**Task item**
Although the records contain pictures, only their text should be set down, exactly as written.

---------------

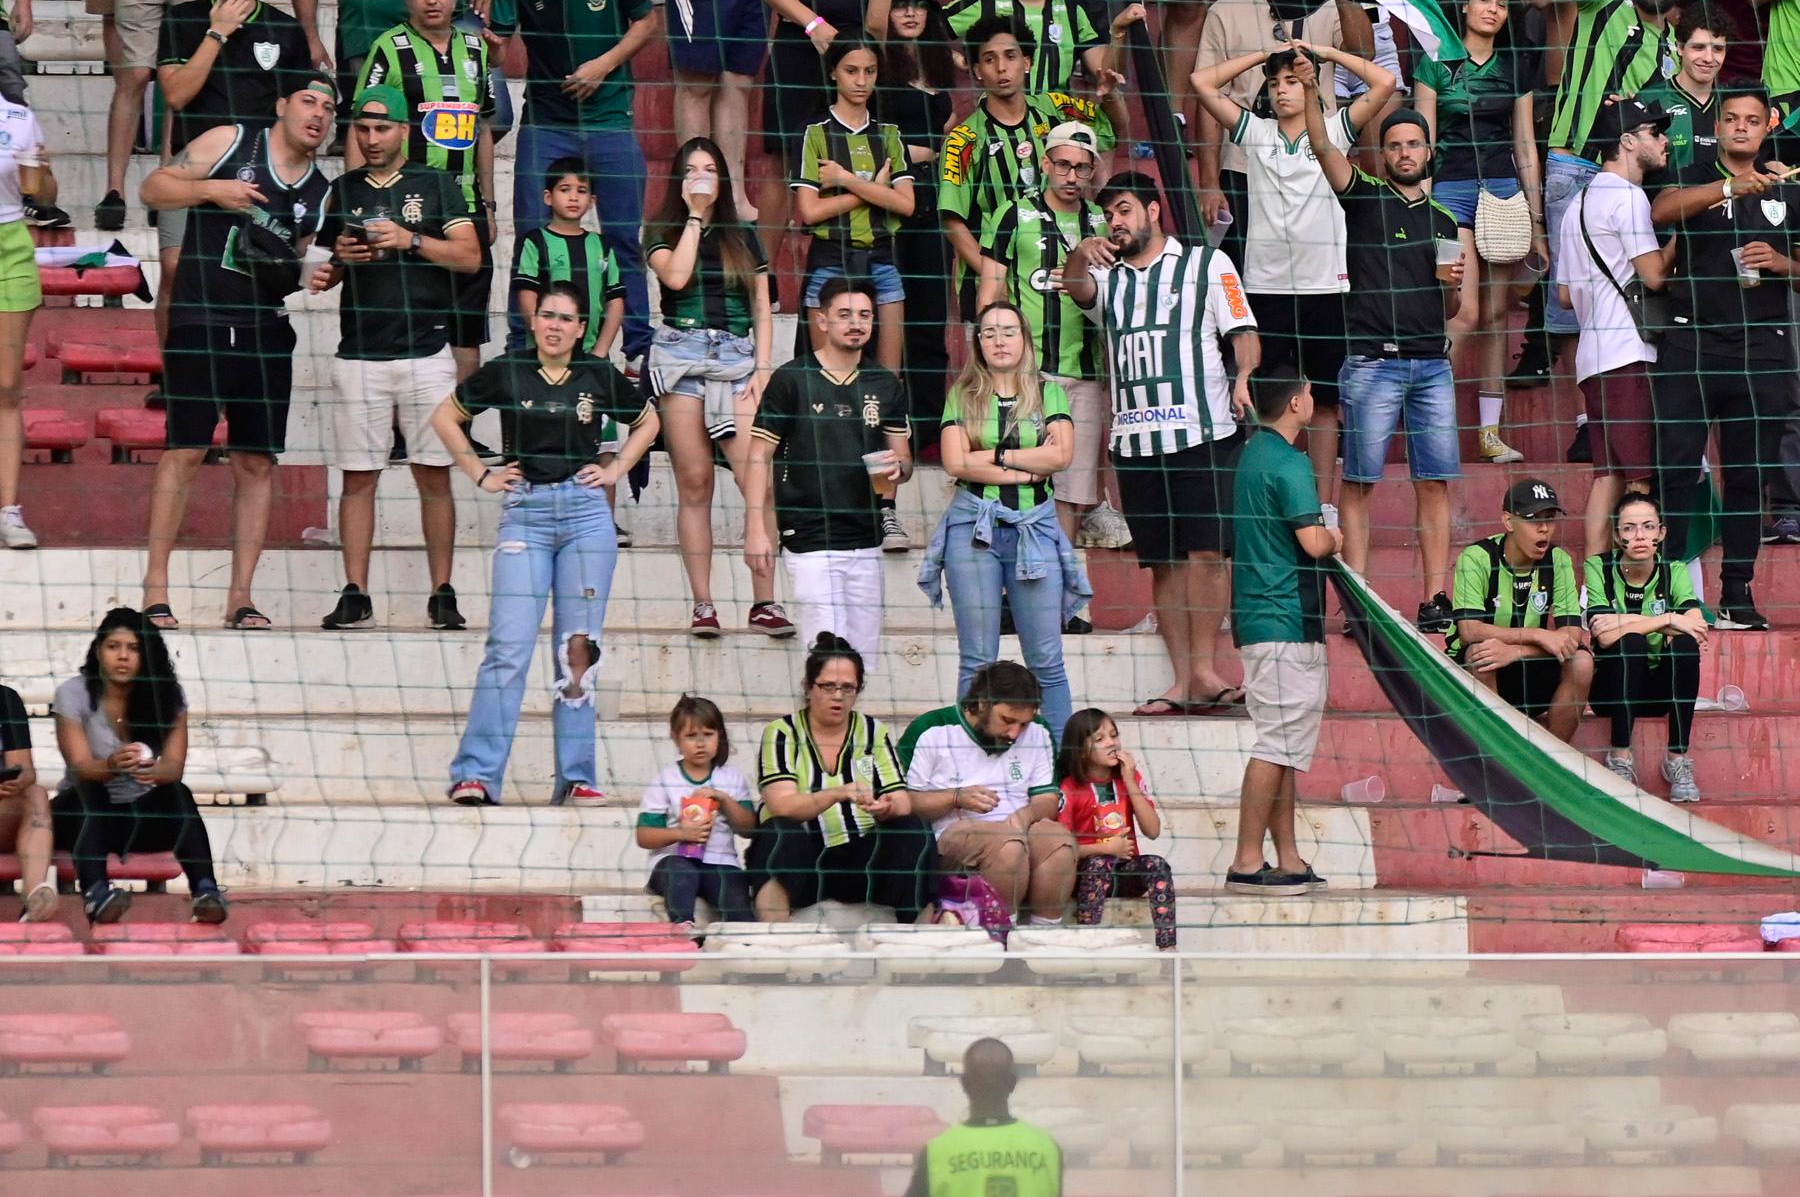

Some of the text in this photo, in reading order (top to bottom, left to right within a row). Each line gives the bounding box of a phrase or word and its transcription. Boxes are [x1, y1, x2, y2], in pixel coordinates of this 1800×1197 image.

[434, 111, 476, 141] BH
[942, 124, 977, 187] EMIVE
[1220, 272, 1248, 320] BMG
[1117, 329, 1168, 382] FIAT
[947, 1150, 1047, 1174] SEGURANÇA
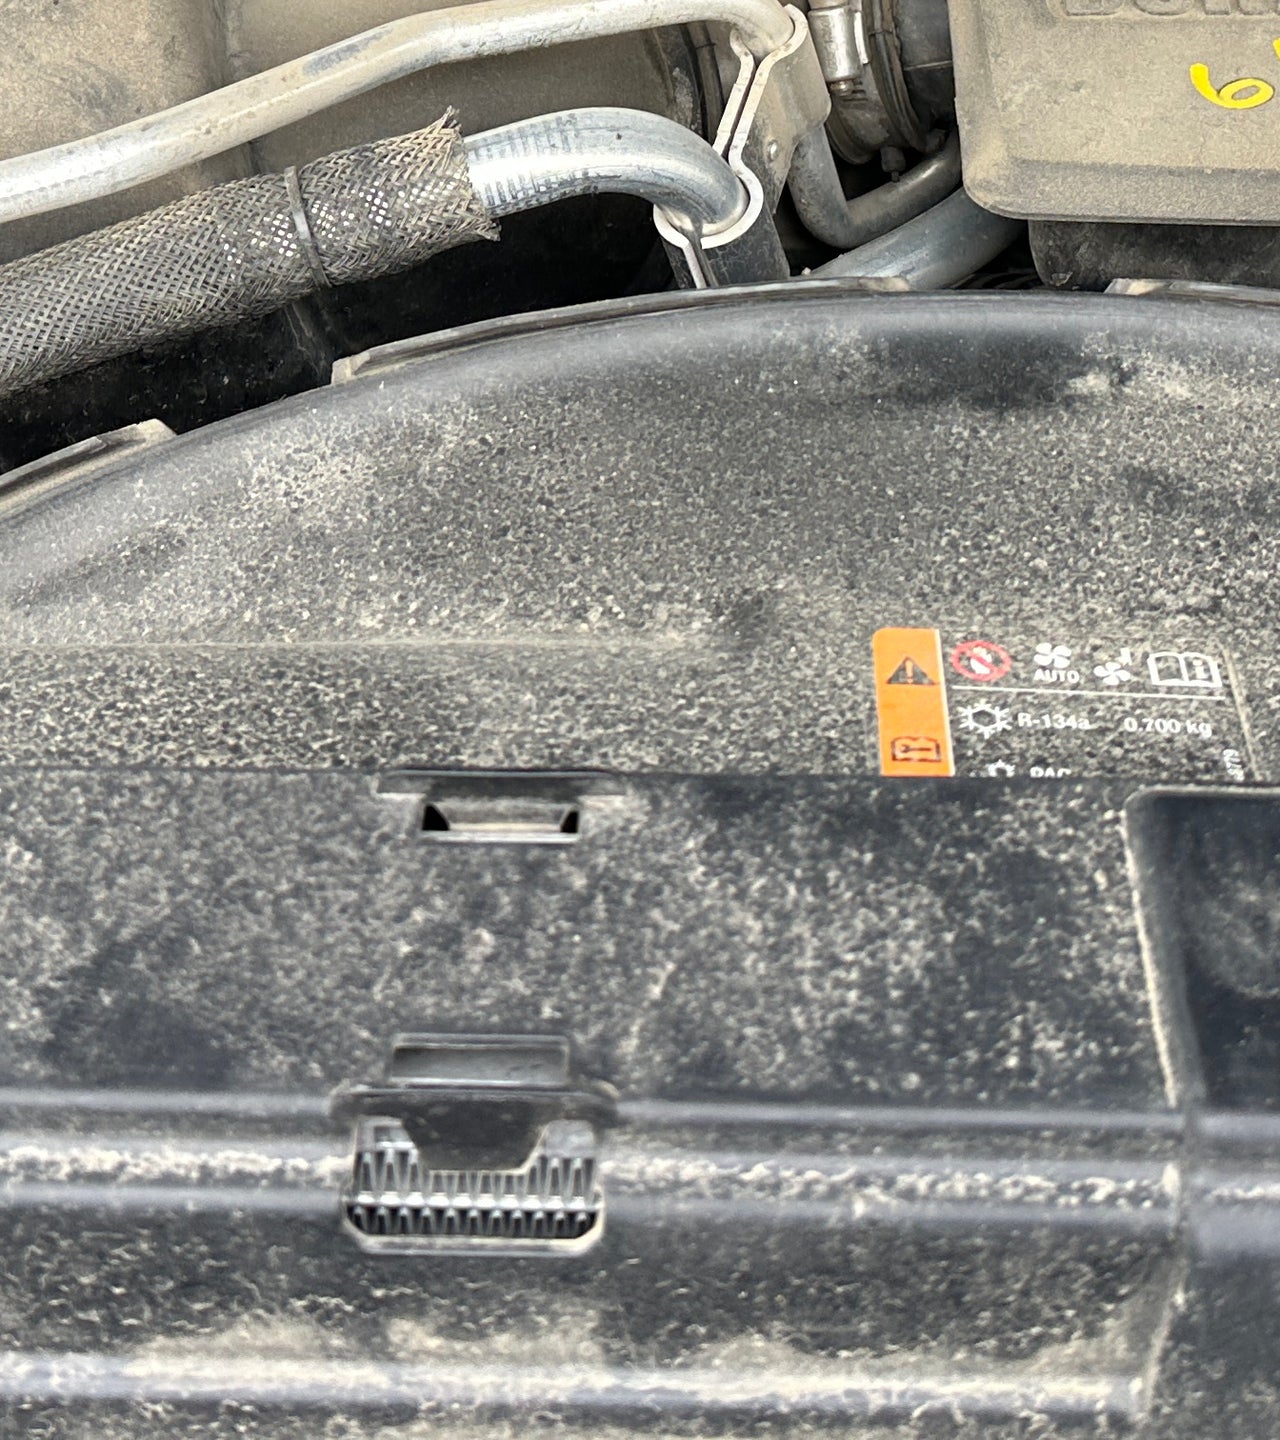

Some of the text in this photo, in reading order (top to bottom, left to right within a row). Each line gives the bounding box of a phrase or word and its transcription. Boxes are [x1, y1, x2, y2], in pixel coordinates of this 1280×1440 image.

[1033, 668, 1080, 684] AUTO
[1017, 712, 1213, 738] R-134a 0.700 kg
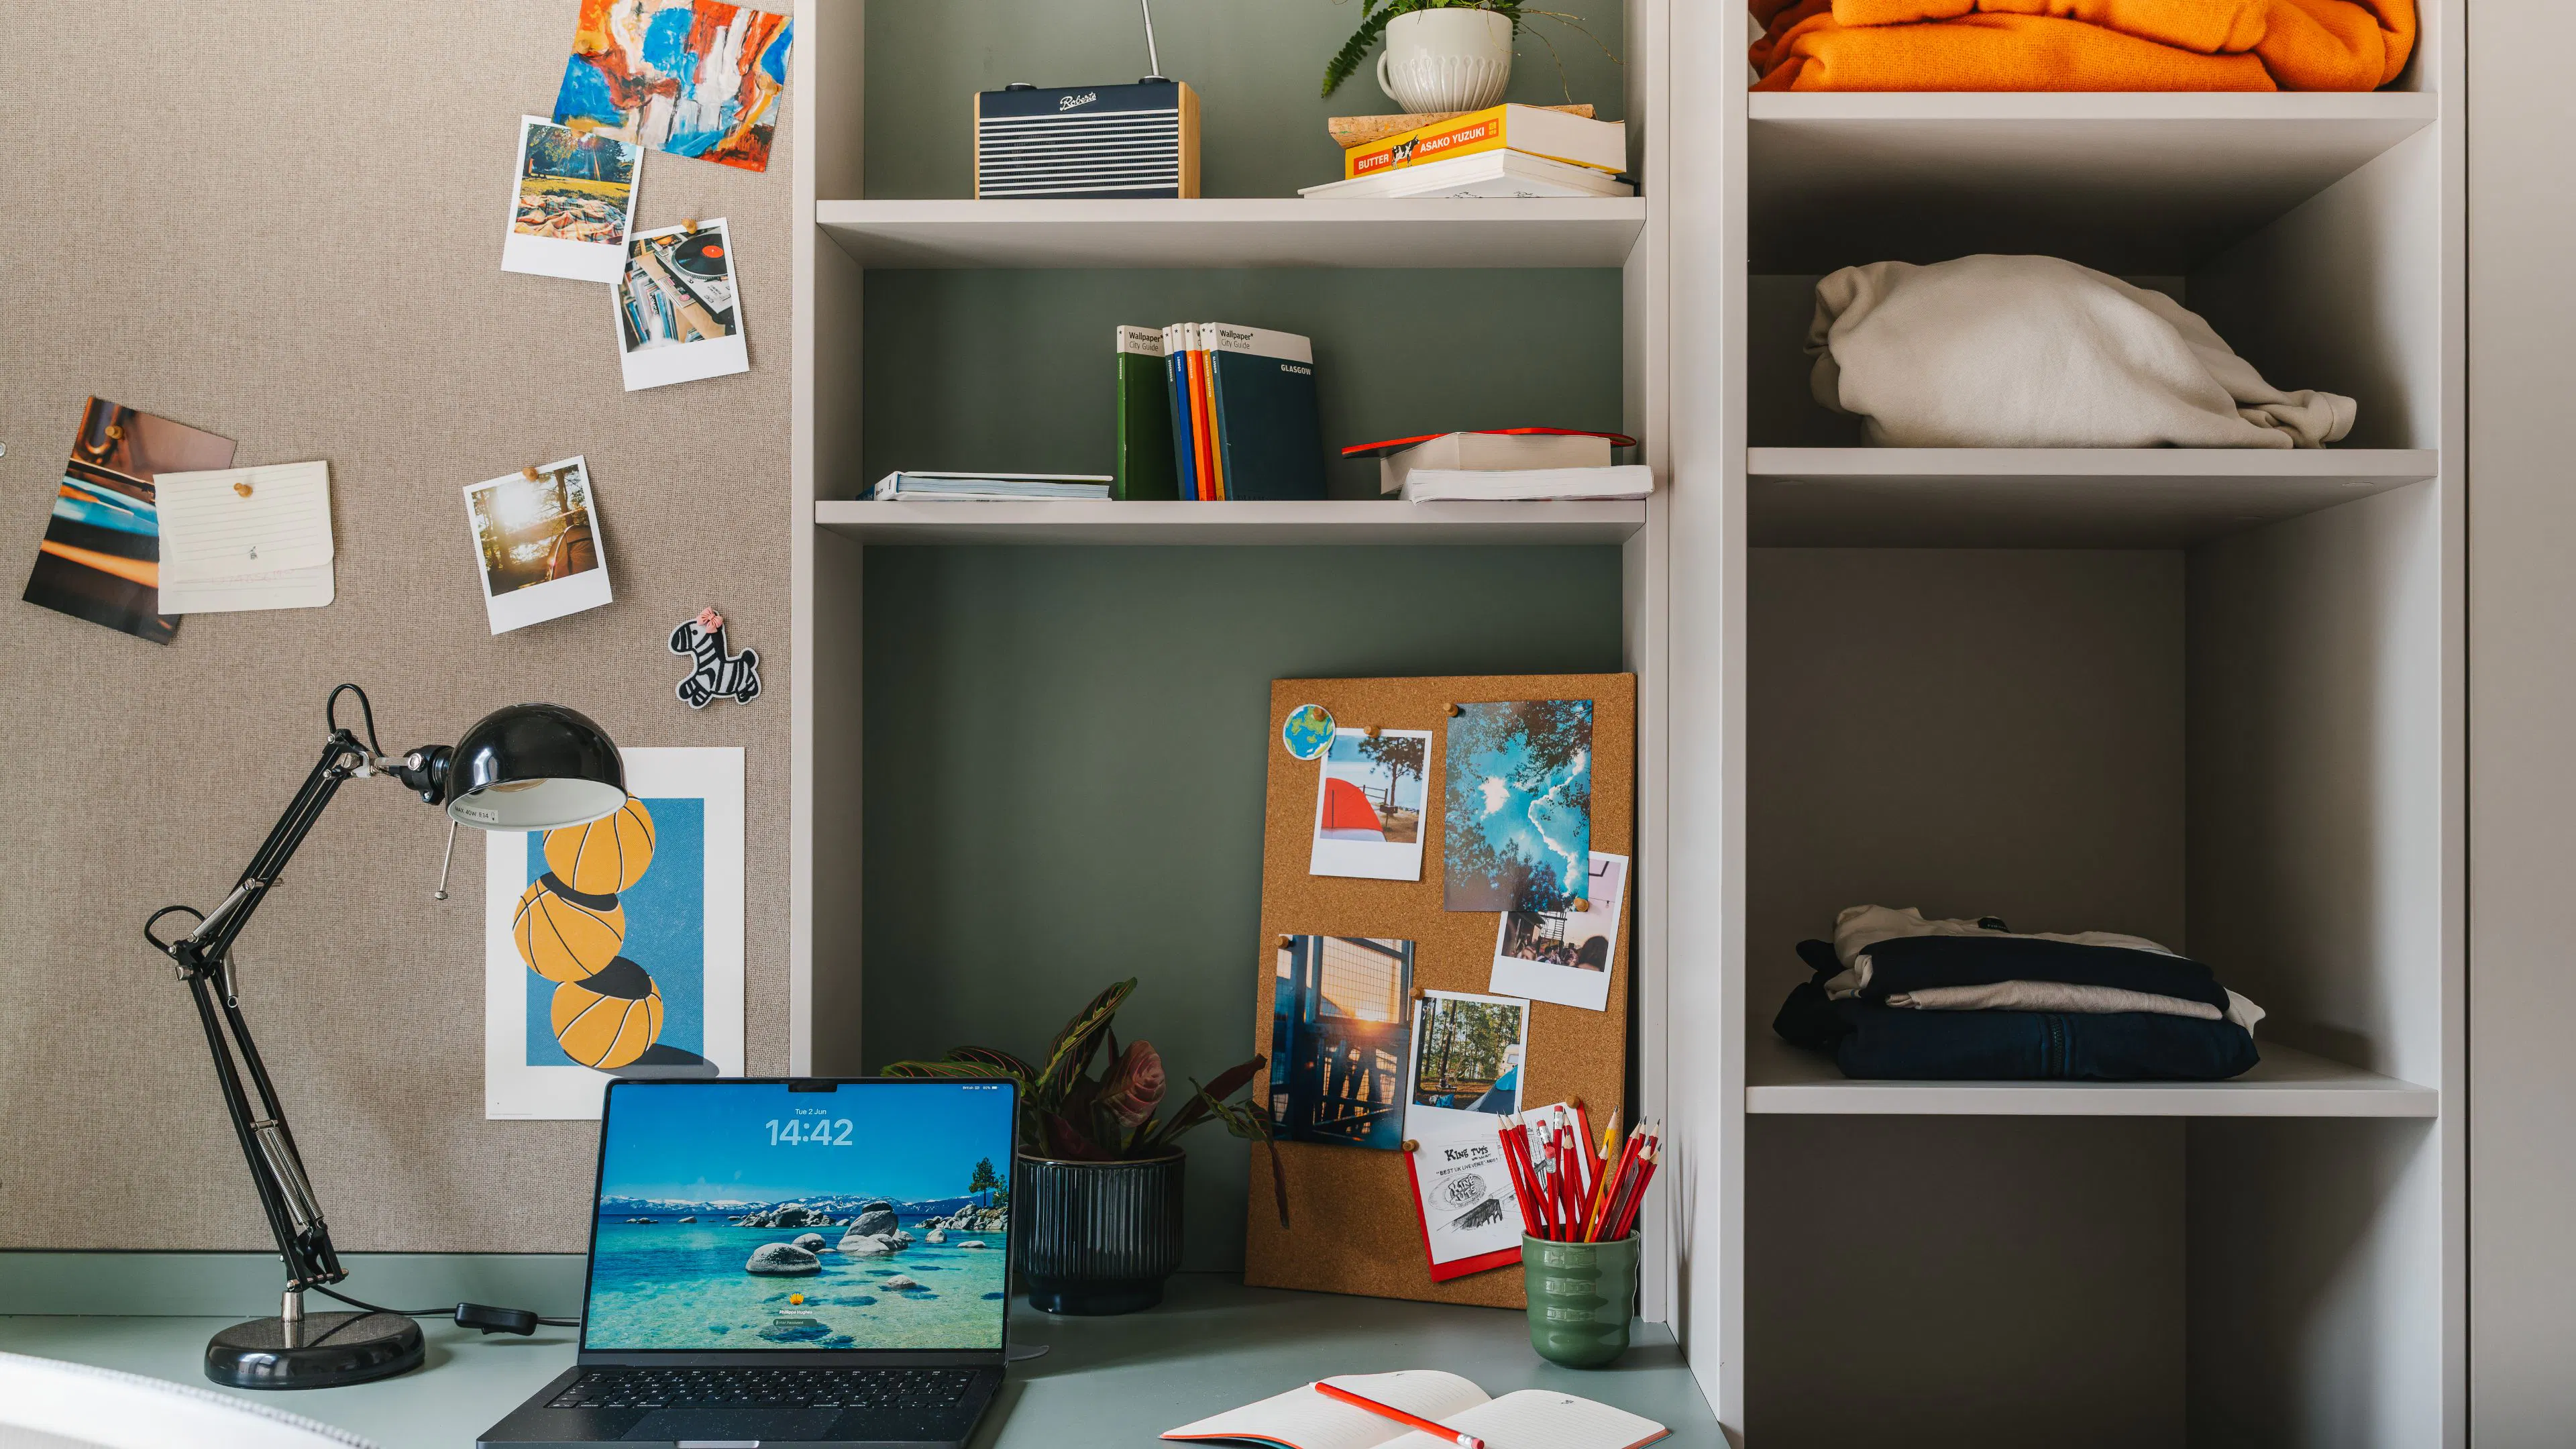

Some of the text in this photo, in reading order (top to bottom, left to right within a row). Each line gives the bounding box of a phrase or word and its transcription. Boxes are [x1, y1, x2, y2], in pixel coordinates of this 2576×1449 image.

[1059, 91, 1097, 111] Roberts
[1419, 136, 1450, 153] ASAKO
[1452, 127, 1485, 144] YUZUKI
[1358, 154, 1389, 170] BUTTER
[1129, 341, 1159, 352] City Guide
[1221, 339, 1250, 350] City Guide
[1281, 364, 1311, 376] GLASGOW
[455, 806, 464, 814] MAX
[466, 809, 477, 817] 40W
[765, 1118, 853, 1146] 14:42

---------------

**Task solution**
Some of the text in this photo, in reading order (top to bottom, left to right within a row). Each line gives the bounding box of a phrase or word and its transcription. Boxes are [x1, y1, x2, y2], in pixel coordinates of this 1800×1197 image.

[434, 111, 476, 141] BH
[942, 124, 977, 187] EMIVE
[1220, 272, 1248, 320] BMG
[1117, 329, 1168, 382] FIAT
[947, 1150, 1047, 1174] SEGURANÇA

Some of the text in this photo, in reading order (top to bottom, left to right within a row). Each line gives the bounding box of a phrase or word and its transcription. Boxes are [x1, y1, x2, y2], in pixel coordinates of this 1280×1440 image.

[1033, 668, 1080, 684] AUTO
[1017, 712, 1213, 738] R-134a 0.700 kg

Some of the text in this photo, in reading order (top to bottom, left to right within a row). Each line gives the bounding box of a phrase or word and its transcription. Boxes are [x1, y1, x2, y2], in pixel coordinates of this 2576×1449 image.

[1059, 91, 1097, 111] Roberts
[1419, 136, 1450, 153] ASAKO
[1452, 127, 1485, 144] YUZUKI
[1358, 154, 1389, 170] BUTTER
[1129, 341, 1159, 352] City Guide
[1221, 339, 1250, 350] City Guide
[1281, 364, 1311, 376] GLASGOW
[455, 806, 464, 814] MAX
[466, 809, 477, 817] 40W
[765, 1118, 853, 1146] 14:42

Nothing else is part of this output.